BEGIN
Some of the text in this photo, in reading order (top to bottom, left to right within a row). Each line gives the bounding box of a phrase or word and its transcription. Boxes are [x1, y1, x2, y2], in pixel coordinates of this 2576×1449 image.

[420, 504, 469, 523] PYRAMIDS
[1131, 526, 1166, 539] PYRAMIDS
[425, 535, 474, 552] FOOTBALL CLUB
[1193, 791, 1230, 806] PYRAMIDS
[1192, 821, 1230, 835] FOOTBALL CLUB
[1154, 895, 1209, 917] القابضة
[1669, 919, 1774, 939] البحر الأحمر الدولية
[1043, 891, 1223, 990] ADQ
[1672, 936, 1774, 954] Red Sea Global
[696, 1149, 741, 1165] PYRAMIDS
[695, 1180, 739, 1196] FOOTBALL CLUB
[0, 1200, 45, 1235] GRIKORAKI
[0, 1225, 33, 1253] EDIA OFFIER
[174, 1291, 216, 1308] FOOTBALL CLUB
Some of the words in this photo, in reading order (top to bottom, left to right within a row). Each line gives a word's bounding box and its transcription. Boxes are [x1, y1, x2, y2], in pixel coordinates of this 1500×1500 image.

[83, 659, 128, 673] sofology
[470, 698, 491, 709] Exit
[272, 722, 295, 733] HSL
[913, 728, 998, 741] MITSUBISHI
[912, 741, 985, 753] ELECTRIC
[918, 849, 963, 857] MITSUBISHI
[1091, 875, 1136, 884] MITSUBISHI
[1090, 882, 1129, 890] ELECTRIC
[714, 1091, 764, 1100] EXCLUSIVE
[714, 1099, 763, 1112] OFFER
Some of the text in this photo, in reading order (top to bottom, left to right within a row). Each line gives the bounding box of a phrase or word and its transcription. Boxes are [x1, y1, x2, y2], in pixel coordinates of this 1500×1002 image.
END
### WHAT YOU NEED TO DO
Retype the records above without changing a single word.

### WRITTEN SOLUTION
Some of the text in this photo, in reading order (top to bottom, left to right within a row). Each line gives the bounding box of a phrase or word and its transcription. Boxes are [x1, y1, x2, y2], in pixel coordinates of this 2576×1449 image.

[420, 504, 469, 523] PYRAMIDS
[1131, 526, 1166, 539] PYRAMIDS
[425, 535, 474, 552] FOOTBALL CLUB
[1193, 791, 1230, 806] PYRAMIDS
[1192, 821, 1230, 835] FOOTBALL CLUB
[1154, 895, 1209, 917] القابضة
[1669, 919, 1774, 939] البحر الأحمر الدولية
[1043, 891, 1223, 990] ADQ
[1672, 936, 1774, 954] Red Sea Global
[696, 1149, 741, 1165] PYRAMIDS
[695, 1180, 739, 1196] FOOTBALL CLUB
[0, 1200, 45, 1235] GRIKORAKI
[0, 1225, 33, 1253] EDIA OFFIER
[174, 1291, 216, 1308] FOOTBALL CLUB
Some of the words in this photo, in reading order (top to bottom, left to right within a row). Each line gives a word's bounding box and its transcription. Boxes are [x1, y1, x2, y2], in pixel coordinates of this 1500×1500 image.

[83, 659, 128, 673] sofology
[470, 698, 491, 709] Exit
[272, 722, 295, 733] HSL
[913, 728, 998, 741] MITSUBISHI
[912, 741, 985, 753] ELECTRIC
[918, 849, 963, 857] MITSUBISHI
[1091, 875, 1136, 884] MITSUBISHI
[1090, 882, 1129, 890] ELECTRIC
[714, 1091, 764, 1100] EXCLUSIVE
[714, 1099, 763, 1112] OFFER
Some of the text in this photo, in reading order (top to bottom, left to right within a row). Each line gives the bounding box of a phrase or word and its transcription. Boxes are [x1, y1, x2, y2], in pixel coordinates of this 1500×1002 image.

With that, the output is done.